The thugs ignored her. They went on beating up the man to their satisfaction. Then they dragged him up. He was weeping and trembling, his nose ran, his mouth quivered, he bled from one eye, his face was all bruised, he had cuts in six places, and the crowd merely looked on. Then someone began to plead for him. The woman spoke of mercy, kindness, God’s love, Allah’s compassion. The two thugs, switching methods to suit the mood of the crowd, said that the man was a vicious creature who had beaten his wife unconscious and abandoned his three children. They were starving and his wife had been in hospital for seven days. His wife, they said, was their sister. The crowd was enraged by the man’s wickedness. And as the thugs dragged him away the women all knocked him on the head and rained curses on him for his cowardice and brutality.
The thugs led the man towards the forest. His clothes were torn. His head hung low.
He walked with the submissiveness of a man who is soon going to die.
When the thugs and the man disappeared, the crowd dispersed, but the compound people remained. In their poor clothes, with their hunger, their pain, their faces stark with the facts of their lives, they stood outside the bar and stared at the forest as though it were about to release an ominous sign, or sound, or yield its awesome secrets.
They did not move, even when they heard the innocent cries of the man echoing through the trees.
It was Madame Koto who broke the stillness.
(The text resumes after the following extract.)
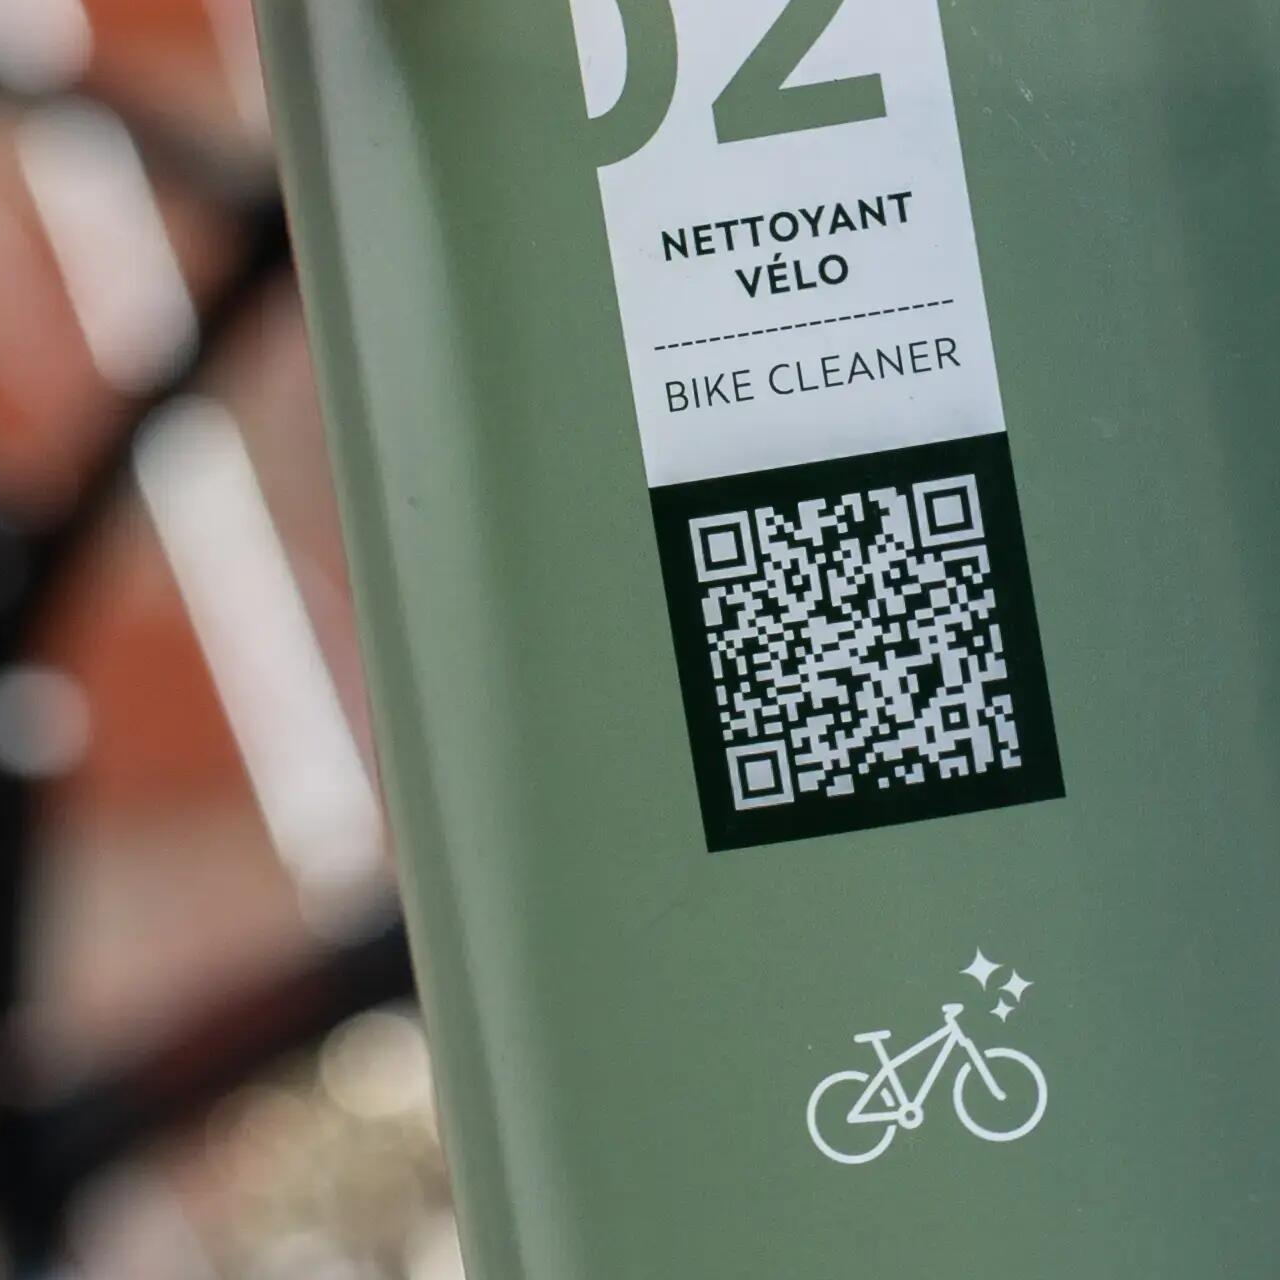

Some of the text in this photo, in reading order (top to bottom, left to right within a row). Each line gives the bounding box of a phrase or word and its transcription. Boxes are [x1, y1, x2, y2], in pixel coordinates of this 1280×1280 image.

[661, 191, 913, 262] NETTOYANT
[734, 251, 849, 298] VÉLO
[665, 337, 961, 413] BIKE CLEANER
She went to her stack of firewood and began to prepare her fire, as if acknowledging the fact that there are few things that happen which can make it impossible for life to continue.
The women looked at her as she started the fire. I looked at all of them. Madame Koto, in her activity, seemed apart from them, different, separate from their fevers. A formation of birds, densely clustered, and consisting of a fast-changing set of geometric patterns, circled the sky, spreading their shadows on the burning earth. The compound people melted back to their rooms, to their disparate occupations.
I went inside the bar and lay on a bench. I shut my eyes. I heard Madame Koto come in. She said:
‘If you misbehave the same thingwill happen to you.’
‘What?’
‘The forest will swallow you.’
‘Then I will become a tree,’ I said.
‘Then they will cut you down because of a road.’
‘Then I will turn into the road.’
‘Cars will ride on you, cows will shit on you, people will perform sacrifices on your face.’
‘And I will cry at night. And then people will remember the forest.’
She was silent. I didn’t open my eyes. I heard her lifting the earthenware pot, heard her pouringwater out of it, heard her leaving.